Description of the task: Write the records out exactly, so that no picture remains in the copy.

Available data:
== == ==

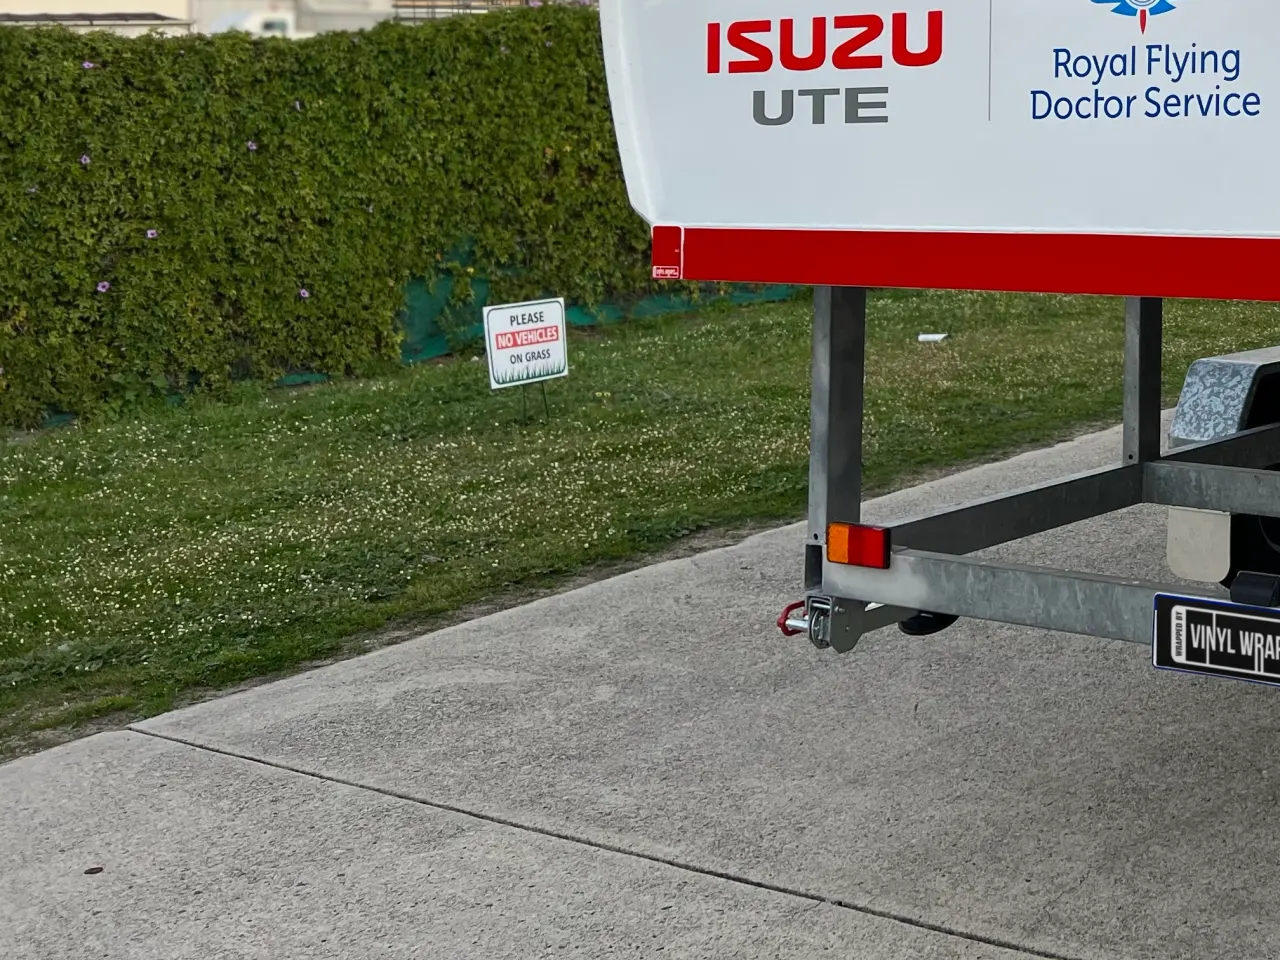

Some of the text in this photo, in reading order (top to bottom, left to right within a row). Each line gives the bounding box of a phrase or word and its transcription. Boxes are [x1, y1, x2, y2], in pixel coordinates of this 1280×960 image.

[706, 10, 943, 75] ISUZU
[1052, 43, 1241, 86] Royal Flying
[752, 86, 889, 126] UTE
[1030, 86, 1261, 120] Doctor Service
[510, 311, 544, 326] PLEASE
[497, 327, 557, 348] NO VEHICLES
[510, 349, 550, 364] ON GRASS
[1174, 610, 1184, 657] WRAPPED BY
[1190, 622, 1236, 655] VINYL
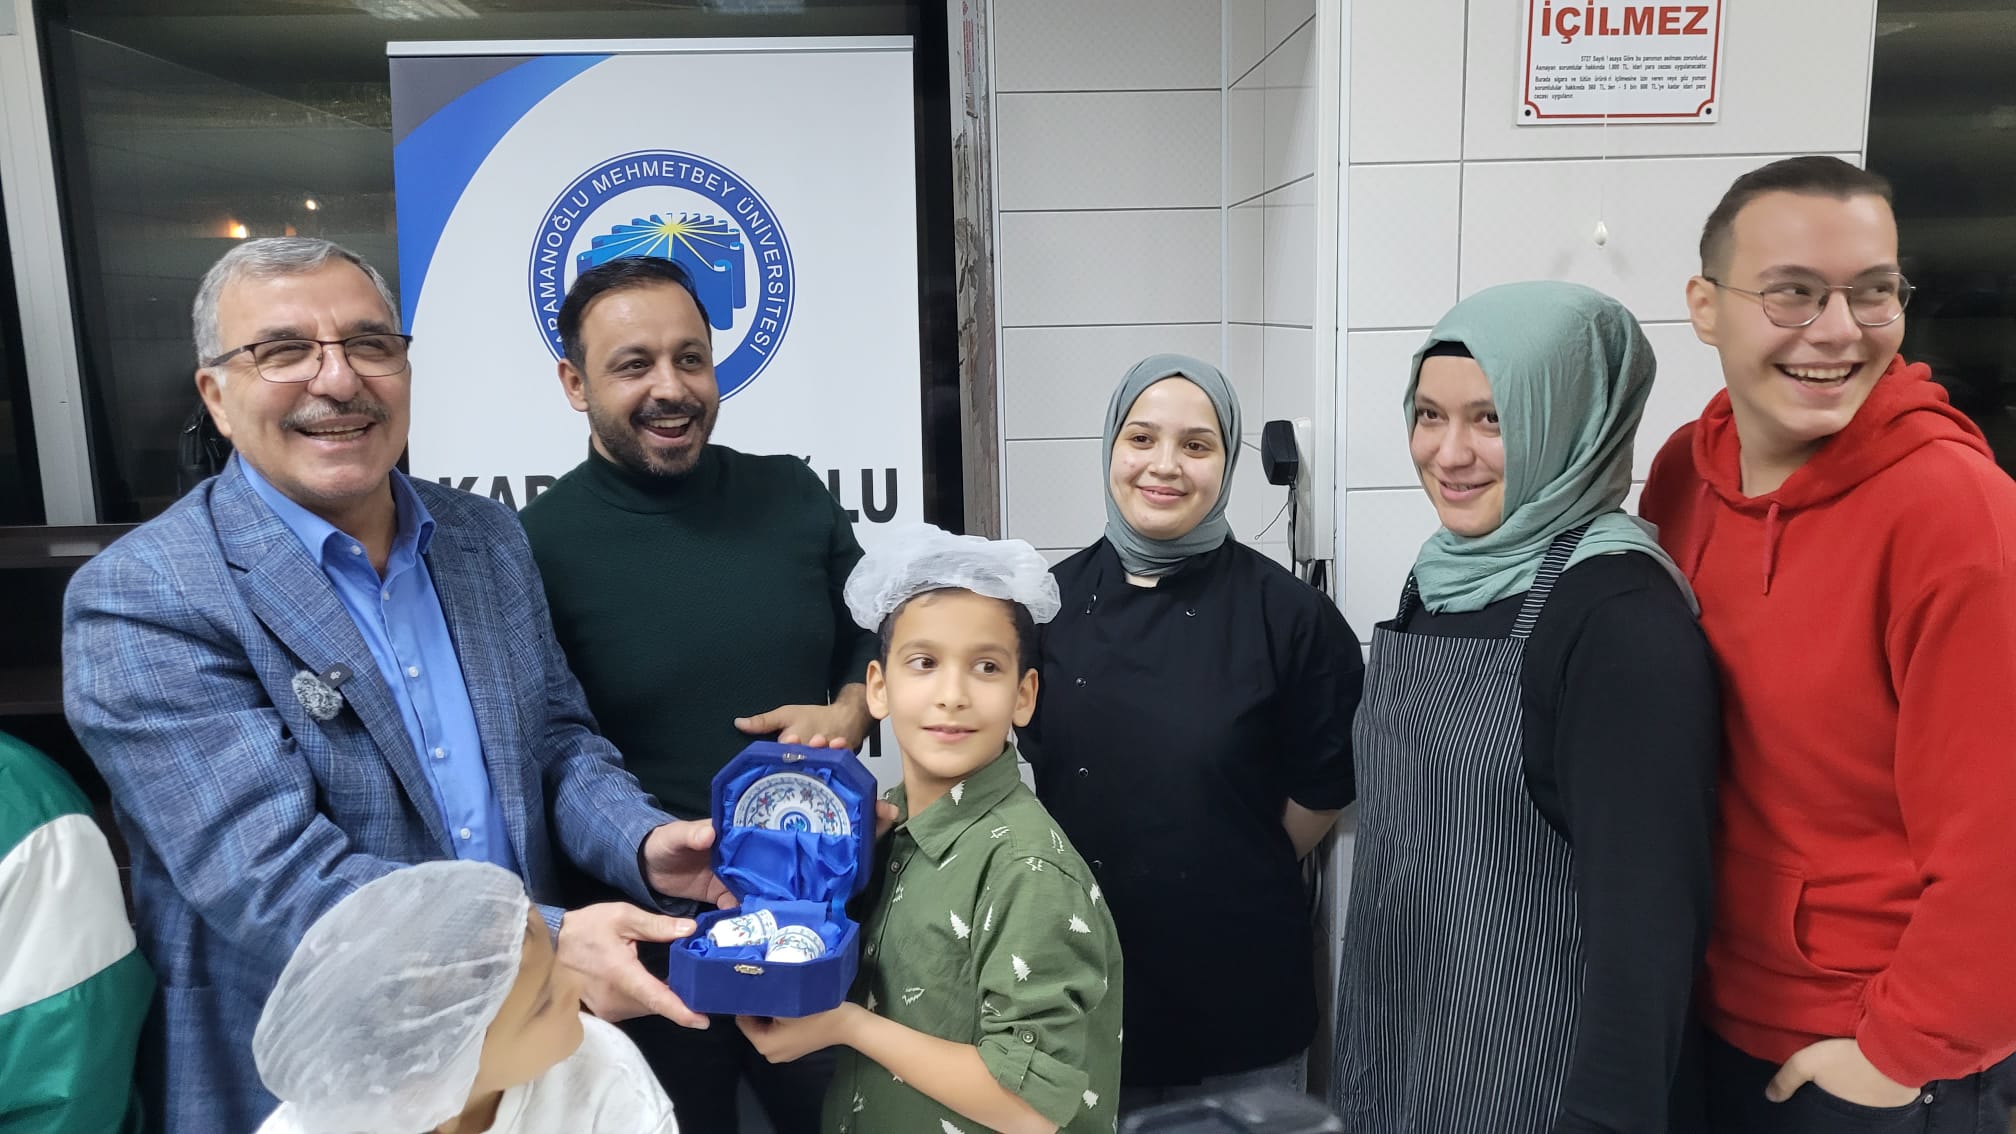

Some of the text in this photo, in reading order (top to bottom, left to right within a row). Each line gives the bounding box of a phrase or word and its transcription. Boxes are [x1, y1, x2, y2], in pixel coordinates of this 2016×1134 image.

[1541, 0, 1709, 44] İÇİLMEZ
[540, 160, 785, 356] RAMANOĞLU MEHMETBEY ÜNİVERSİTESİ

== == ==

Answer:
Some of the text in this photo, in reading order (top to bottom, left to right within a row). Each line gives the bounding box of a phrase or word and its transcription. Boxes are [x1, y1, x2, y2], in pixel coordinates of this 1280×960 image.

[706, 10, 943, 75] ISUZU
[1052, 43, 1241, 86] Royal Flying
[752, 86, 889, 126] UTE
[1030, 86, 1261, 120] Doctor Service
[510, 311, 544, 326] PLEASE
[497, 327, 557, 348] NO VEHICLES
[510, 349, 550, 364] ON GRASS
[1174, 610, 1184, 657] WRAPPED BY
[1190, 622, 1236, 655] VINYL

Some of the text in this photo, in reading order (top to bottom, left to right within a row). Each line gives the bounding box of a phrase or word and its transcription. Boxes are [x1, y1, x2, y2], in pixel coordinates of this 2016×1134 image.

[1541, 0, 1709, 44] İÇİLMEZ
[540, 160, 785, 356] RAMANOĞLU MEHMETBEY ÜNİVERSİTESİ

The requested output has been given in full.